Articles from GEMSTONES - EMERALD (19 Articles)










International Colored Gemstone Association
International Colored Gemstone Association

Packing a colourful gemstone punch

In a difficult climate, coloured gemstones are offering jewellers an opportunity to stand out. EMILY MOBBS investigates current market trends for this colourful sector.

In June this year, one rather large emerald caught the world’s attention. The 18.04-carat Columbian emerald sold at a Christie’s auction for a whopping US$5.5 million (AU$7.2 m).

Predictably, the media went wild, partly because the emerald had a back story made for news: it was once owned by the American Rockefeller family dynasty and purchased by Harry Winston at auction. Harry Winston’s CEO Nayla Hayek even threw in a media-friendly sound bite as an instruction to her chief financial officer who was bidding for the piece.

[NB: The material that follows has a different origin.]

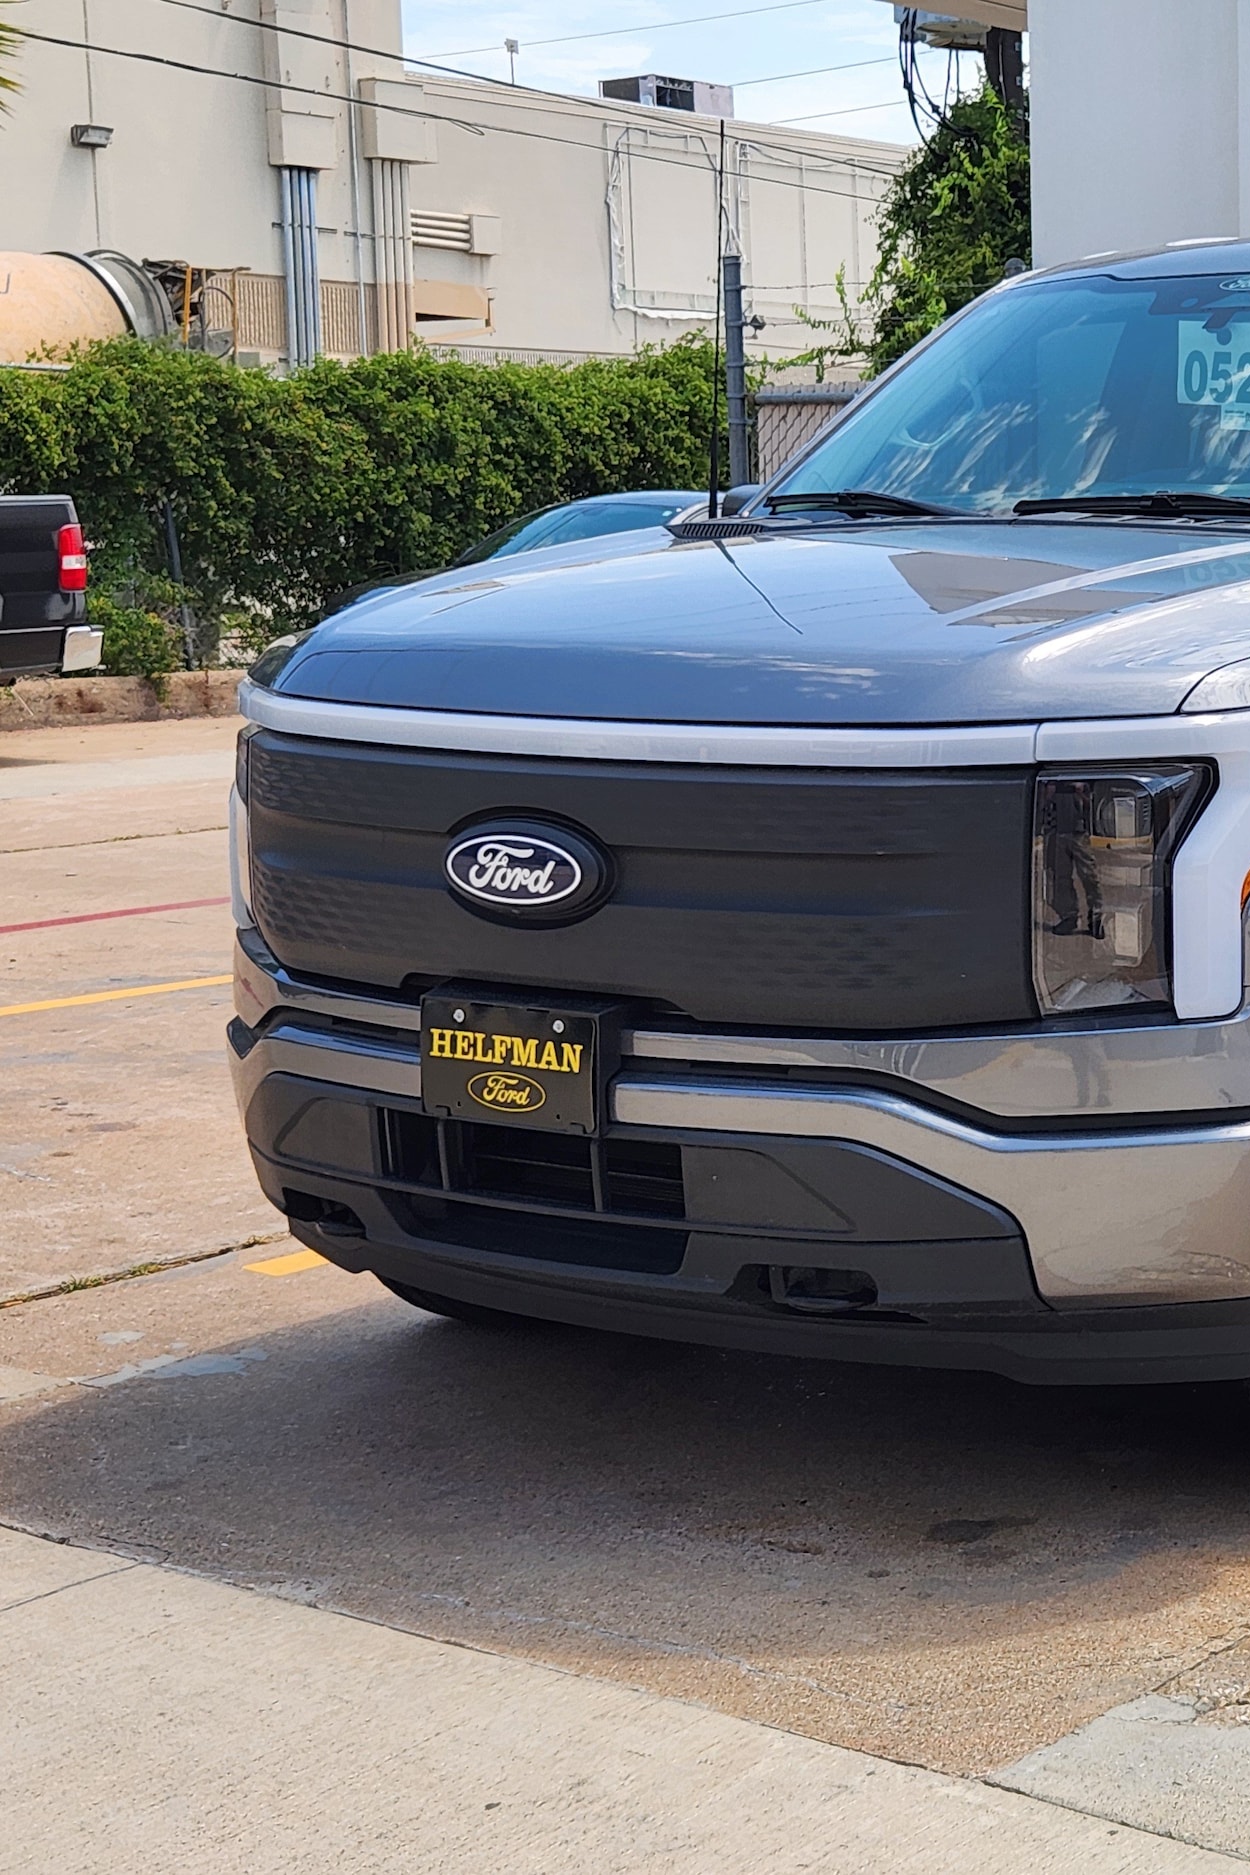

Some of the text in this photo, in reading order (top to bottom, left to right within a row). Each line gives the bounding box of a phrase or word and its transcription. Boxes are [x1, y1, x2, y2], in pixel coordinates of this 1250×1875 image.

[469, 843, 556, 895] Ford
[430, 1028, 583, 1073] HELFMAN
[483, 1075, 531, 1106] Ford

“Bring this magnificent gem home at any price,” Hayek said.

Few jewellers or consumers have the budgets of Harry Winston; however, such hype is helping to raise awareness of coloured gemstones. This, in turn, is fanning interest down the supply chain.

Lawson Gems
Lawson Gems
Lawson Gems
Lawson Gems

International Colored Gemstone Association (ICA) executive director Gary Roskin says rare coloured gemstones on the world auction stage will always attract attention.

Consequently, this increases demand at the consumer level for gemstones of similar colour, albeit at a more affordable price.

The ICA is a non-profit organisation that aims to support the international coloured gemstone industry. It comprises more than 700 members, 31 of which are in Australia. According to Roskin, there has been a rise in coloured gemstone popularity but there’s more at play than headline-grabbing auction sales.

“There are several things working all at once here,” he says, highlighting the greater margins that can be achieved with coloured gemstones compared to colourless diamonds as one indicator of rising demand.

“Coloured gemstones are still quite rare compared to diamond,” Roskin states. “Prices and values remain steady or are increasing as mother nature produces a relatively small amount in each deposit. Once that deposit has been depleted, we have to move on to another area to find more gemstones.”

Roskin also says consumers can see value in coloured gemstone jewellery, thanks to the wide variety of gemstones available at affordable prices. Local suppliers also cite larger profit margins as a dominant advantage of stocking coloured gemstones as well as the ability for retailers to craft an invaluable point of difference.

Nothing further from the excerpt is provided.